I'm baggying/GHEing/pre-pooing with Vatika Oil. The technicians at the hospital added all kinds of stuff in my hair, so I used HH Cooling Chamomile Whip on the sore spots. 

jamaica68 IDareT'sHair Can you remember to post the Pomade Shop sale again in the upcoming October thread? I know it's a lot to ask, but I don't want the info to get lost. Pretty please with sugar-scented oil on top?


----------



## lamaria211 (Sep 22, 2012)

Going to be ordering some Gleau I've heard so many great things about it. For now I've added sunflower oil to my routine and I love it so far


----------



## IDareT'sHair (Sep 22, 2012)

NappyNelle

Sugar Scented Oil sounds Delish!

Lemme bump that post as a reminder.

Also, Brownie518 Lita since they also 'frequent' the Pomade Shop

Thanks Ladies

*yeah....i busted ya'll out*


----------



## IDareT'sHair (Sep 22, 2012)

jamaica68 said:


> *Hi ladies, just an FYI if you order your pomades from The Pomade Shop(etsy) here's the upcoming sales info.*
> 
> 
> 
> http://www.etsy.com/shop/ThePomadeShop?ref=shop_sugg


 
Bumping as a Reminder

NappyNelle

It Actually Starts September 25


----------



## lamaria211 (Sep 22, 2012)

http://www.pinenutoil.org/pine-resin/nature-miracle.php
Its in my La Bomba DC just thought I'd share


----------



## IDareT'sHair (Sep 22, 2012)

Using Liquid Gold's "Green Magic"

_Organic Coconut Oil, Emu Oil, Amala Powder, Castor Oil, Vegetable Oil, Spinach Powder, Sulfur Powder & Essential Oil Blend_

I love the consistency of this product (Creamy-Butter).


----------



## jprayze (Sep 22, 2012)

applied my MN oil mix to my temple areas and around my edges...nothing new


----------



## Brownie518 (Sep 22, 2012)

I did a nice prepoo with CPR and my ceramide oil mix.
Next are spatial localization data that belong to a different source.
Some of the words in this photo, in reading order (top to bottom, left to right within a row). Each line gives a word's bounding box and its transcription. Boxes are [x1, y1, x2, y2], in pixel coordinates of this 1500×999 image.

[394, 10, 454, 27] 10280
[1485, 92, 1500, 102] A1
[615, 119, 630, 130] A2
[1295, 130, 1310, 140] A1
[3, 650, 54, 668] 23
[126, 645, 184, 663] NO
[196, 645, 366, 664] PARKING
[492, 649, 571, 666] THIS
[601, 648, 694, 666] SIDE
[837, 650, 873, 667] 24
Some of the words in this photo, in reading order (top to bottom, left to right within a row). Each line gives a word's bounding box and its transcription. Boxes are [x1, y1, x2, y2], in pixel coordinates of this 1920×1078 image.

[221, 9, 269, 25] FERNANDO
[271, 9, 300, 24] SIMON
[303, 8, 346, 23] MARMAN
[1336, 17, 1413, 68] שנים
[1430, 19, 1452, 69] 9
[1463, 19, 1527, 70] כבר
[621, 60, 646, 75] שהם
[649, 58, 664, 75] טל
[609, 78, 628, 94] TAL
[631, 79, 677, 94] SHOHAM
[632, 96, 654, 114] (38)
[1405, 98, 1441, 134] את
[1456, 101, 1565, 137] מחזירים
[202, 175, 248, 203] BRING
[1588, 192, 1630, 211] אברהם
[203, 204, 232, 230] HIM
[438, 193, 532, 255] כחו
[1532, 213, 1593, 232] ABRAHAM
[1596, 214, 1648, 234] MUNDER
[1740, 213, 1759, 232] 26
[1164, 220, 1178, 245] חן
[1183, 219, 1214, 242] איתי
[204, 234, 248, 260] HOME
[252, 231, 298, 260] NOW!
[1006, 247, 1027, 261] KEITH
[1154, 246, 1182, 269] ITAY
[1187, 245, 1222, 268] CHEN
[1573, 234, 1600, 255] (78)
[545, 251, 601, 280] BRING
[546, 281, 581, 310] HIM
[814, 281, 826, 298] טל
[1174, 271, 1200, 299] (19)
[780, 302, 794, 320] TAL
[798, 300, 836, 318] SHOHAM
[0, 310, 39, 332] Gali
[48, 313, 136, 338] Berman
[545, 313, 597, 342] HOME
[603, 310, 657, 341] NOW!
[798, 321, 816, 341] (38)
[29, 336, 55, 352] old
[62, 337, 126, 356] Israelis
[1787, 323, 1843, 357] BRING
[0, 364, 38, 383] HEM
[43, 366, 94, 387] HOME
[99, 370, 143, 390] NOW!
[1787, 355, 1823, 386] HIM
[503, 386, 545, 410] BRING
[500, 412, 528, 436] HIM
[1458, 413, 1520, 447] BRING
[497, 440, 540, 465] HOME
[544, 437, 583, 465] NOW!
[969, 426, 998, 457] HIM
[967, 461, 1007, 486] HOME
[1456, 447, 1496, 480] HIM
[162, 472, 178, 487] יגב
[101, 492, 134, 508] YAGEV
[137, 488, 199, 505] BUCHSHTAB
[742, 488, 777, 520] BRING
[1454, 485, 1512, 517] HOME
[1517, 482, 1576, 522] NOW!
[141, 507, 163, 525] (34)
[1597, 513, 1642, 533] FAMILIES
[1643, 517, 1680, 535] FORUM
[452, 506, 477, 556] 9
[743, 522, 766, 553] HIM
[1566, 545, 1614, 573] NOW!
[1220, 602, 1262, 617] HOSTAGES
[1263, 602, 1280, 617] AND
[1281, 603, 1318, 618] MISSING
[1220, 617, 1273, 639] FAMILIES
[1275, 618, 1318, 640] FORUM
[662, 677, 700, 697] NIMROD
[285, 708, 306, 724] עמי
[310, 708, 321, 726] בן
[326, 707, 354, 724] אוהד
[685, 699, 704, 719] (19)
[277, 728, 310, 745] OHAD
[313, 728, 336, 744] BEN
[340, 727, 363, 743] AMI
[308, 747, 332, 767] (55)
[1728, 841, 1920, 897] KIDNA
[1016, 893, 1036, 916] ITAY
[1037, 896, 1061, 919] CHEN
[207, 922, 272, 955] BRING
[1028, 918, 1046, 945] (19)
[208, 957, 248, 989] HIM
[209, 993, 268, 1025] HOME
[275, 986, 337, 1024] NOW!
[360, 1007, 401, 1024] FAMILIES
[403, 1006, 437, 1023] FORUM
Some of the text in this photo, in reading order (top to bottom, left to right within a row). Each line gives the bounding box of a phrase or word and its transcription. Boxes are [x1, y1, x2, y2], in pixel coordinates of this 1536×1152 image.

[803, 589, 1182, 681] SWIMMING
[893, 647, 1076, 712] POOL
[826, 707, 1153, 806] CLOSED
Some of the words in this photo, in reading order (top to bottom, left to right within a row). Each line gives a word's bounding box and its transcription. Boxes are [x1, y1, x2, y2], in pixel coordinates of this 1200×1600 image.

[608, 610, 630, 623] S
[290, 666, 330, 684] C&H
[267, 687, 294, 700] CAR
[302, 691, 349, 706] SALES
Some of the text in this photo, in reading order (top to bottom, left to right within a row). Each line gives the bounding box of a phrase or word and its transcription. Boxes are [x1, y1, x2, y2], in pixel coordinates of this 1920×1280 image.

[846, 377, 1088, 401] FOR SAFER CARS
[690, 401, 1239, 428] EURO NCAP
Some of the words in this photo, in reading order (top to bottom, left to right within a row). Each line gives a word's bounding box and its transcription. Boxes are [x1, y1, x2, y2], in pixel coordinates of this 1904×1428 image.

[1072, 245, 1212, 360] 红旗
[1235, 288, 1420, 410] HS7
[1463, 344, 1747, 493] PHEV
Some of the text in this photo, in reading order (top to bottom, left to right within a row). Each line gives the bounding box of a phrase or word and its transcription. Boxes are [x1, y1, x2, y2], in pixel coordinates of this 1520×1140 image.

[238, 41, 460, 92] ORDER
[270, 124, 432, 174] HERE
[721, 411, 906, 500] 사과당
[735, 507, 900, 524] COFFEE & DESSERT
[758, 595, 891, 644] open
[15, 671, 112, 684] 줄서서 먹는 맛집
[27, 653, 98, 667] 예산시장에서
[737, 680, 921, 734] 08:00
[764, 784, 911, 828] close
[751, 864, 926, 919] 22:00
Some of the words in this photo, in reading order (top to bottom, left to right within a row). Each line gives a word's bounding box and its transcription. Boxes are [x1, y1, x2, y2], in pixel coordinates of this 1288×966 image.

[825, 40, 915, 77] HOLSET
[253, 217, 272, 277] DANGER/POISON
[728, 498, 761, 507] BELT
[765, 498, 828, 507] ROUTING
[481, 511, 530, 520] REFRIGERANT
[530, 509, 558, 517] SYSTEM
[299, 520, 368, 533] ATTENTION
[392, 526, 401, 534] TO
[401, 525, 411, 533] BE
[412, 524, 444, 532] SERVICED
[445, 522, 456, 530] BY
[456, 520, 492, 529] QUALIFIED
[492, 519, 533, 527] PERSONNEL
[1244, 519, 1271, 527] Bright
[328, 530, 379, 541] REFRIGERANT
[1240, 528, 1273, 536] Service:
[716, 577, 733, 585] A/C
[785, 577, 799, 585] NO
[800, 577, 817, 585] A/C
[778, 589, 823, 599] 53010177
Moisturized with CD Healthy Hair Butter and sealed with Hydratherma Naturals oil.


----------



## IDareT'sHair (Sep 22, 2012)

IDareT'sHair said:


> @NappyNelle
> 
> Sugar Scented Oil sounds Delish!
> 
> ...


 

Brownie518

FYI


----------



## IDareT'sHair (Sep 22, 2012)

DELETED...........................


----------



## Brownie518 (Sep 22, 2012)

IDareT'sHair said:


> @Shay72
> 
> *cough* Speaking of Spoiled....How them Mennnses?


IDareT'sHair


----------



## Brownie518 (Sep 22, 2012)

IDareT'sHair said:


> @Brownie518
> 
> FYI


IDareT'sHair

What Pomade Shop sale is she talking about?


----------



## IDareT'sHair (Sep 22, 2012)

Brownie518 said:


>


 
Brownie518

I thought I was in U1 B1


----------



## Brownie518 (Sep 22, 2012)

IDareT'sHair said:


> @Brownie518
> 
> I thought I was in U1 B1


----------



## IDareT'sHair (Sep 22, 2012)

jamaica68 said:


> http://www.etsy.com/shop/ThePomadeShop?ref=shop_sugg


 
Brownie518

Here.........................


----------



## Brownie518 (Sep 22, 2012)

IDareT'sHair said:


> @Brownie518
> 
> Here.........................


IDareT'sHair

Thanks! I'm not supposed to be buying anything, though...


----------



## IDareT'sHair (Sep 22, 2012)

Brownie518

Yeah....*cough* I know. 

But 20% is good.


----------



## Brownie518 (Sep 22, 2012)

IDareT'sHair said:


> @Brownie518
> 
> Yeah....*cough* I know.
> 
> But 20% is good.


IDareT'sHair

I know!!! 

:scratchch


----------



## IDareT'sHair (Sep 22, 2012)

Brownie518 said:


> *I know!!! *
> 
> :scratchch


 
Brownie518

I know. 

I shole would like to have a back-up


----------



## Brownie518 (Sep 22, 2012)

IDareT'sHair said:


> @Brownie518
> 
> I know.
> 
> I shole would like to have a back-up


IDareT'sHair



Backups are always good. That is one pomade that I can run through quicker than most.  I think I have 1 and 1/2 left now.


----------



## IDareT'sHair (Sep 22, 2012)

Brownie518

You are such a Temptress!....


----------



## lamaria211 (Sep 23, 2012)

Mixed EVOCO and my modified Africa's Best Herbal oil into my DC


----------



## IDareT'sHair (Sep 23, 2012)

Getting ready to massage in that Fun-Kay Neem & Nettle Pomade, hoping the smells subsides before work tomorrow.

SMH.


----------



## Ltown (Sep 23, 2012)

IDareT'sHair said:


> Using Liquid Gold's "Green Magic"
> 
> _Organic Coconut Oil, Emu Oil, Amala Powder, Castor Oil, Vegetable Oil, Spinach Powder, Sulfur Powder & Essential Oil Blend_
> 
> I love the consistency of this product (Creamy-Butter).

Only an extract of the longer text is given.